3/4 cup (200 g) plain yogurt

20-30 blanched almonds

For the Sugar Syrup

1 cup (225 g) caster sugar

1 1/2 tbs rose water

3 tsp lemon or lime juice

1 cup water


  • To blanch the almonds, boil the water until it is hot and bubbly. It will take about 7-8 minutes with the lid on.
  • Place the raw almonds in a small bowl and pour about half of the hot water over the almonds and put a lid on.

  • Allow the almonds to soak in the hot water for about 10 minutes. Take an almond out, rub it between fingers.
  • Start blanching almonds. Spread almonds on a dry towel and pat dry and keep them in the towel overnight.

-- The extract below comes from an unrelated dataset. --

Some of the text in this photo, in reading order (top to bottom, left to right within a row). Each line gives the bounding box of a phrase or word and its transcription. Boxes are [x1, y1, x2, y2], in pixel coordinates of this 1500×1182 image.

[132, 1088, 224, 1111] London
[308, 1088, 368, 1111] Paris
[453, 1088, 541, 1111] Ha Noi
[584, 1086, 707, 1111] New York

  • The syrup has to be at room temperature and the cake warm; the syrup should be prepared before the cake.
  • To make the syrup, boil sugar along with the water at medium heat. Stir until sugar has completely dissolved.

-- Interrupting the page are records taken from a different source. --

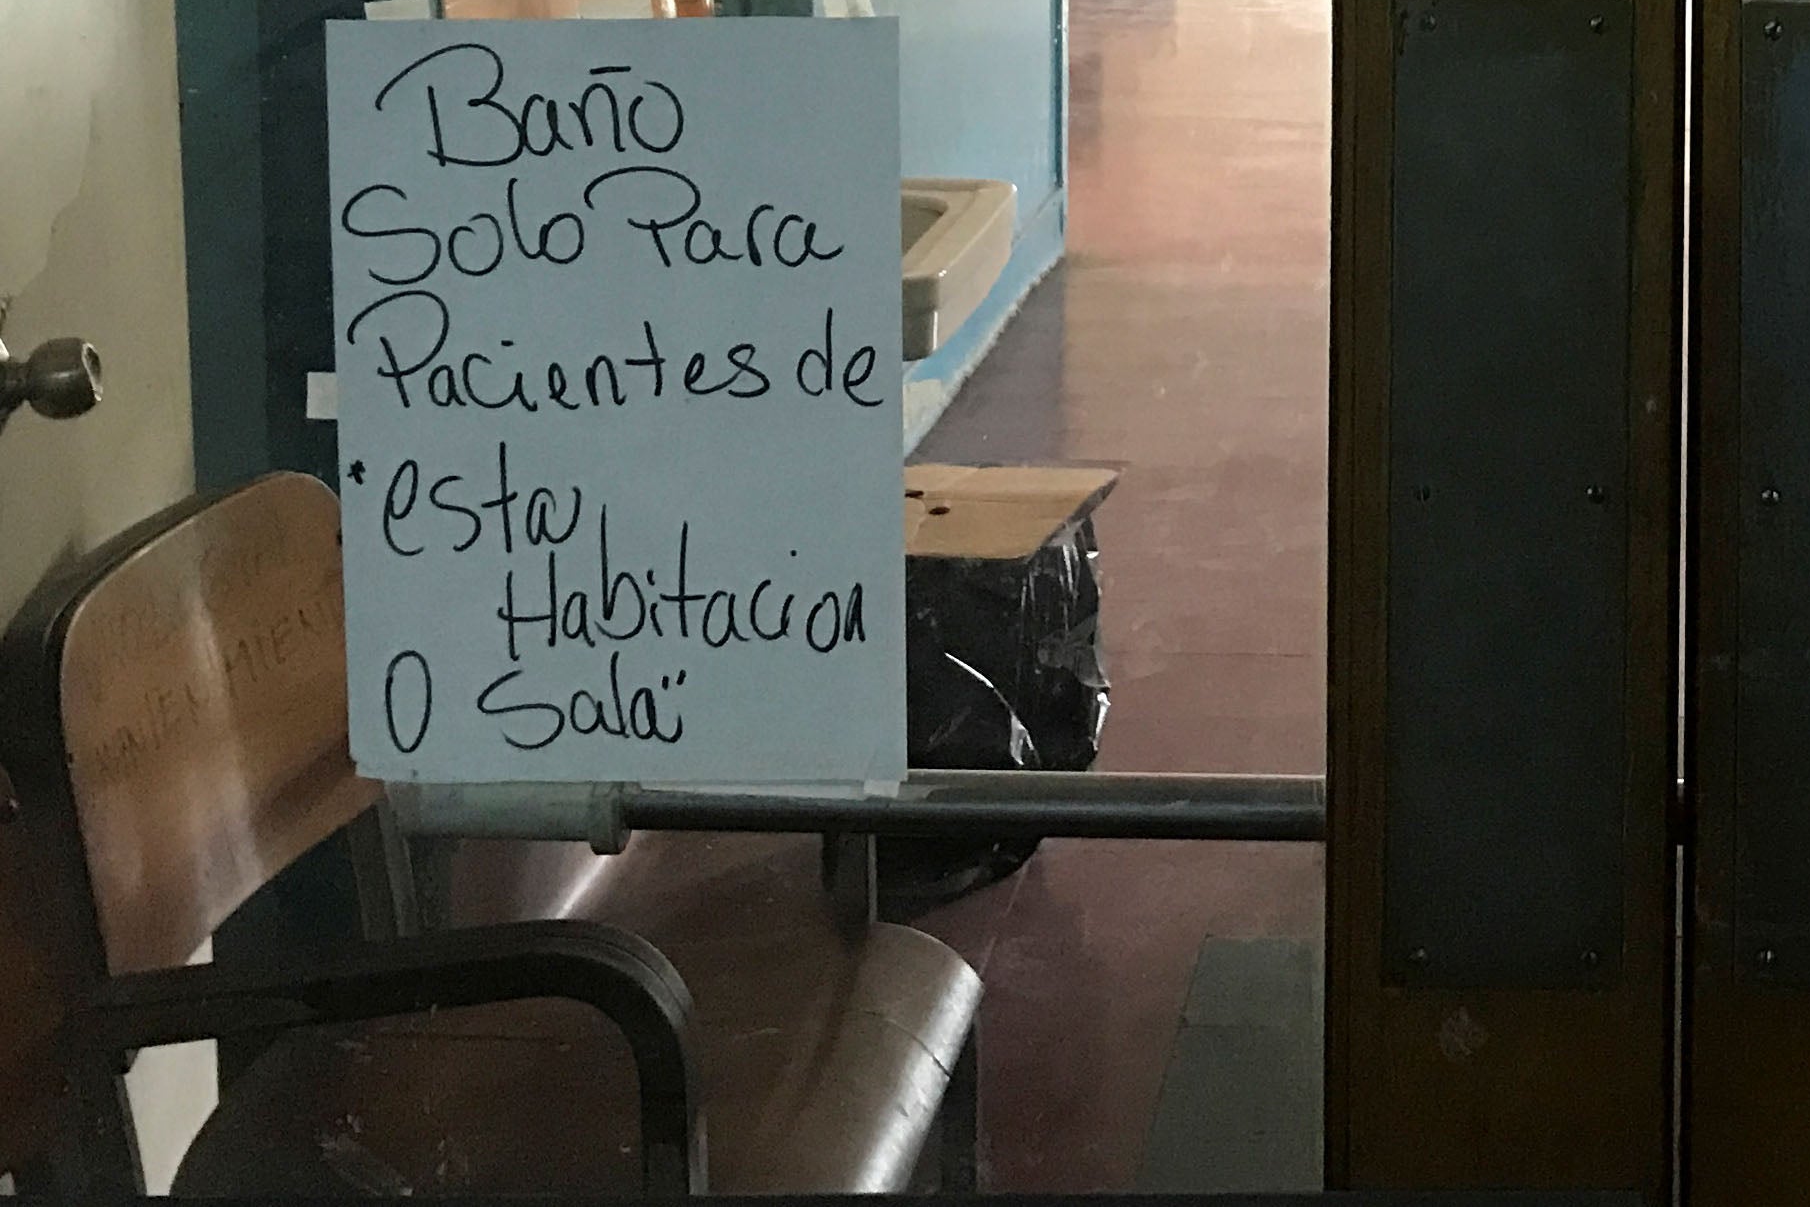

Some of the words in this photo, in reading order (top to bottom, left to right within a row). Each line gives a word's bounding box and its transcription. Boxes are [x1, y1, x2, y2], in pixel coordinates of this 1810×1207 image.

[375, 43, 686, 167] Baño
[342, 178, 585, 285] Solo
[584, 165, 845, 268] Para
[347, 290, 771, 411] Pacientes
[798, 307, 885, 407] de
[497, 503, 866, 661] Habitacion

  • Then add lemon juice and remove the scum that floats to the top. Add rosewater and boil till syrup thickens.
  • Do not let the syrup boil for a long time and thicken up too much. It should take about 15 minutes to be ready.

  • Once ready, remove from stove. Bring to room temperature. In a large bowl, mix semolina and baking soda.
  • Then add coconut, sugar and salt and mix well. Add the melted butter and yogurt and mix well with a spoon.

  • The mixture should be well combined and come together. Lightly butter a 27 cm/10″ cake pan or a pie plate.
  • Line with parchment paper and then lightly butter the sides and the bottom of the pan. Spoon in cake batter.

  • Even it out on top with a spoon. Allow it to rest for 15-20 minutes. Then score cake into diamonds or squares.
  • Place blanched almonds in the middle of each diamond or square and gently press each almond down a little.

  • Bake at 175 oC (350 oF) in a preheated oven, in the middle rack for about 20 minutes first. Take the cake out.
  • Gently cut into diamonds/squares again. If you cut the cake when it is fresh out of the oven, it might crumble.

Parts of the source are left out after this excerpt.